:: DATA FOR THIS TASK ::

[Start of section]

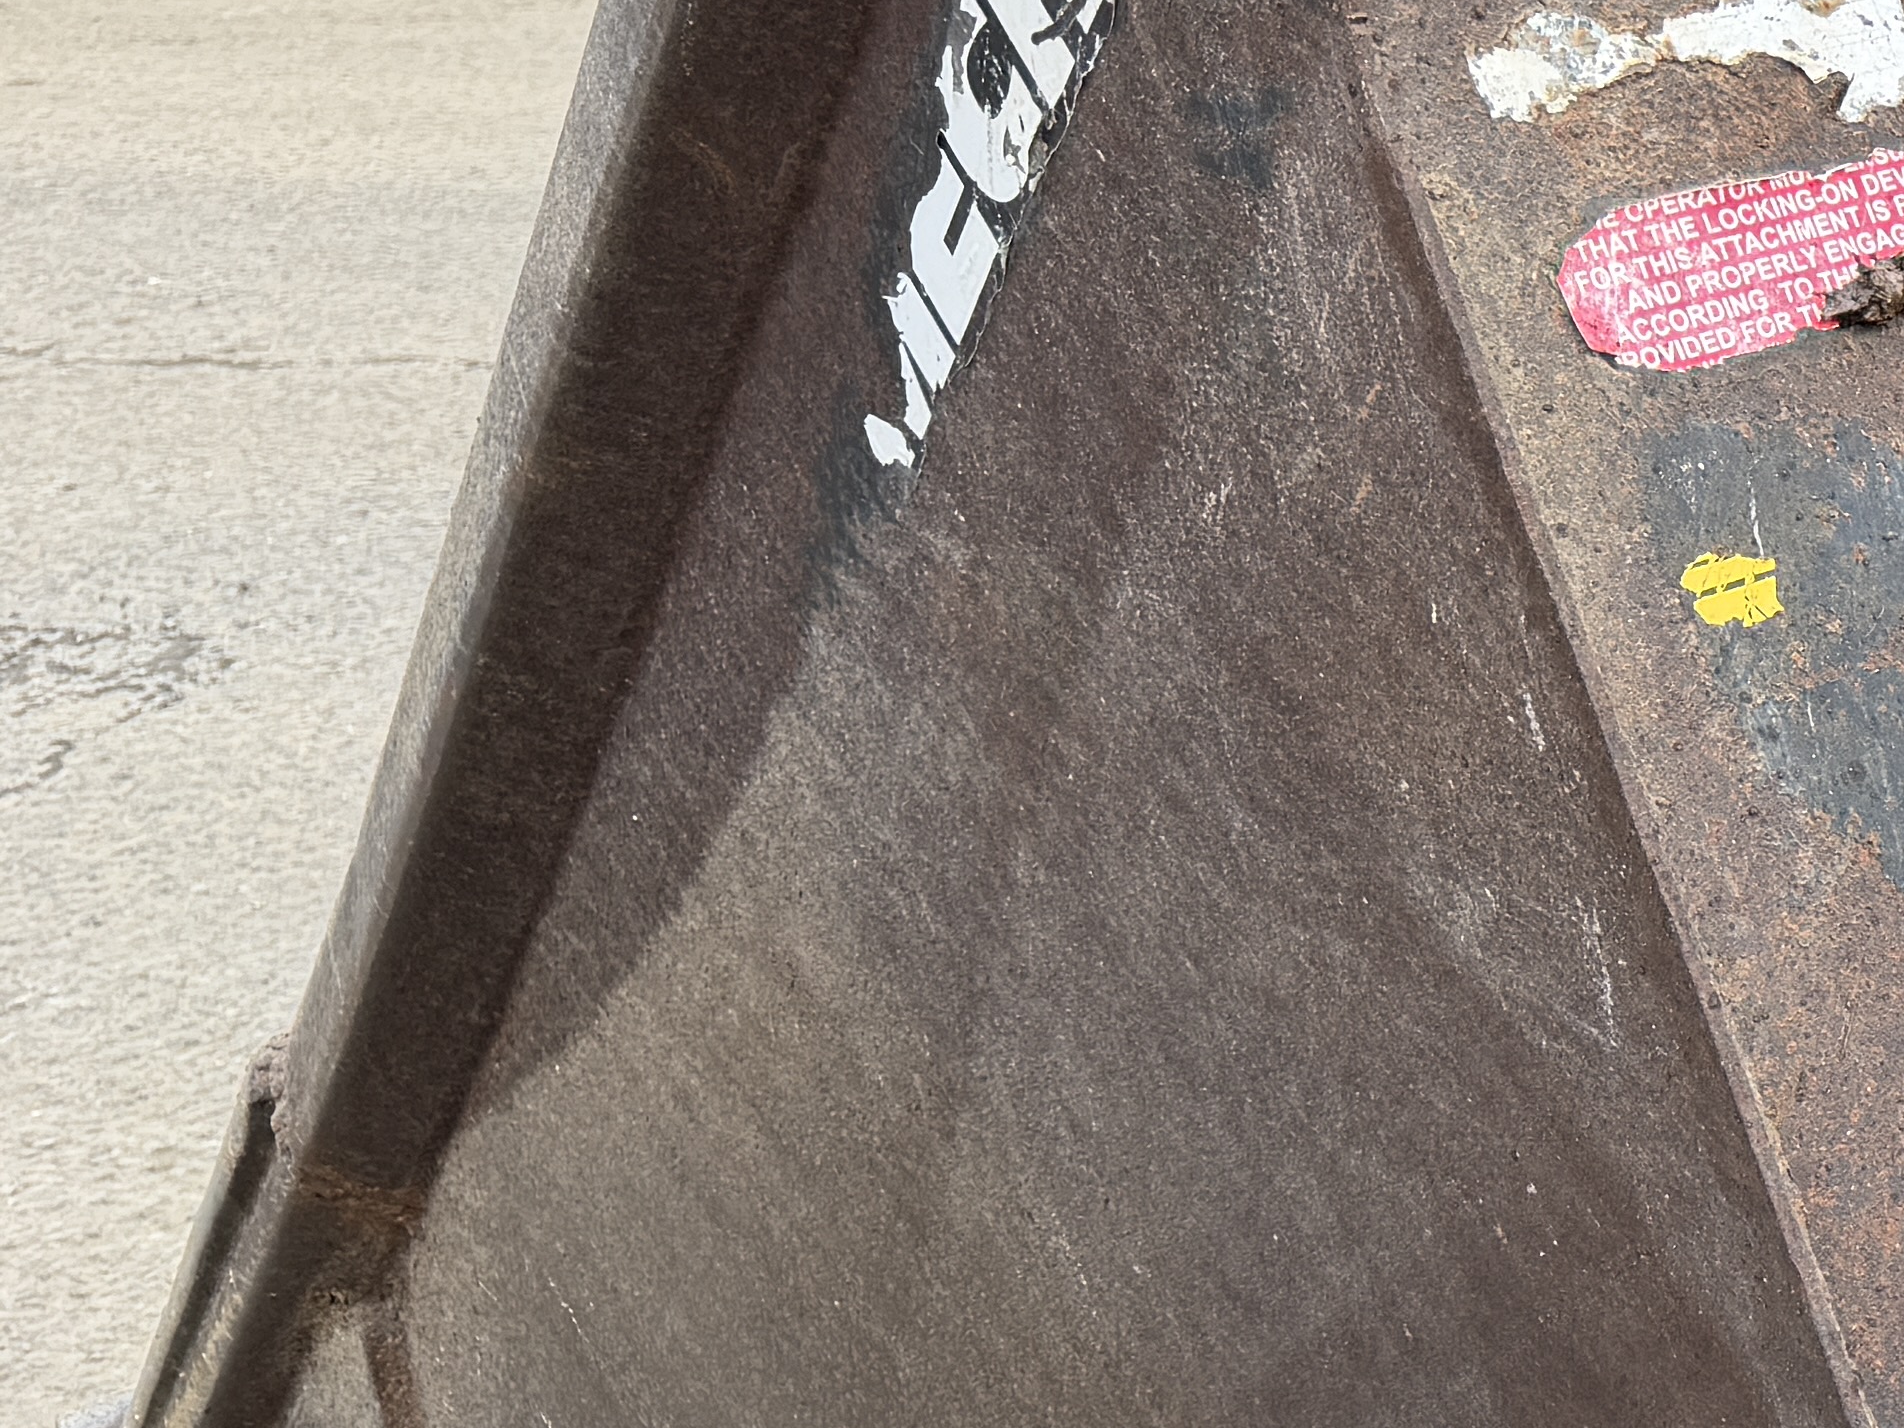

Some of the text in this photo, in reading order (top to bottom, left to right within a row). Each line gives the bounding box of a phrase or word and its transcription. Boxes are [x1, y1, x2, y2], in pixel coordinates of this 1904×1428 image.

[1574, 228, 1638, 264] THAT
[1643, 215, 1700, 250] THE
[1701, 178, 1860, 235] LOCKING-ON
[1624, 180, 1765, 222] OPERATOR
[1573, 261, 1633, 297] FOR
[1632, 247, 1694, 281] THIS
[1698, 205, 1861, 267] ATTACHMENT
[1864, 198, 1891, 225] IS
[1627, 280, 1682, 315] AND
[1684, 244, 1818, 299] PROPERLY
[1614, 327, 1736, 369] ROVIDED
[1739, 310, 1798, 345] FOR
[1618, 288, 1770, 345] ACCORDING
[1777, 275, 1815, 304] TO

[End of section]

:: TASK STATEMENT ::
The answer must be the full listing, word for word, with no images in it.

:: TASK RESPONSE ::
Some of the text in this photo, in reading order (top to bottom, left to right within a row). Each line gives the bounding box of a phrase or word and its transcription. Boxes are [x1, y1, x2, y2], in pixel coordinates of this 1904×1428 image.

[1574, 228, 1638, 264] THAT
[1643, 215, 1700, 250] THE
[1701, 178, 1860, 235] LOCKING-ON
[1624, 180, 1765, 222] OPERATOR
[1573, 261, 1633, 297] FOR
[1632, 247, 1694, 281] THIS
[1698, 205, 1861, 267] ATTACHMENT
[1864, 198, 1891, 225] IS
[1627, 280, 1682, 315] AND
[1684, 244, 1818, 299] PROPERLY
[1614, 327, 1736, 369] ROVIDED
[1739, 310, 1798, 345] FOR
[1618, 288, 1770, 345] ACCORDING
[1777, 275, 1815, 304] TO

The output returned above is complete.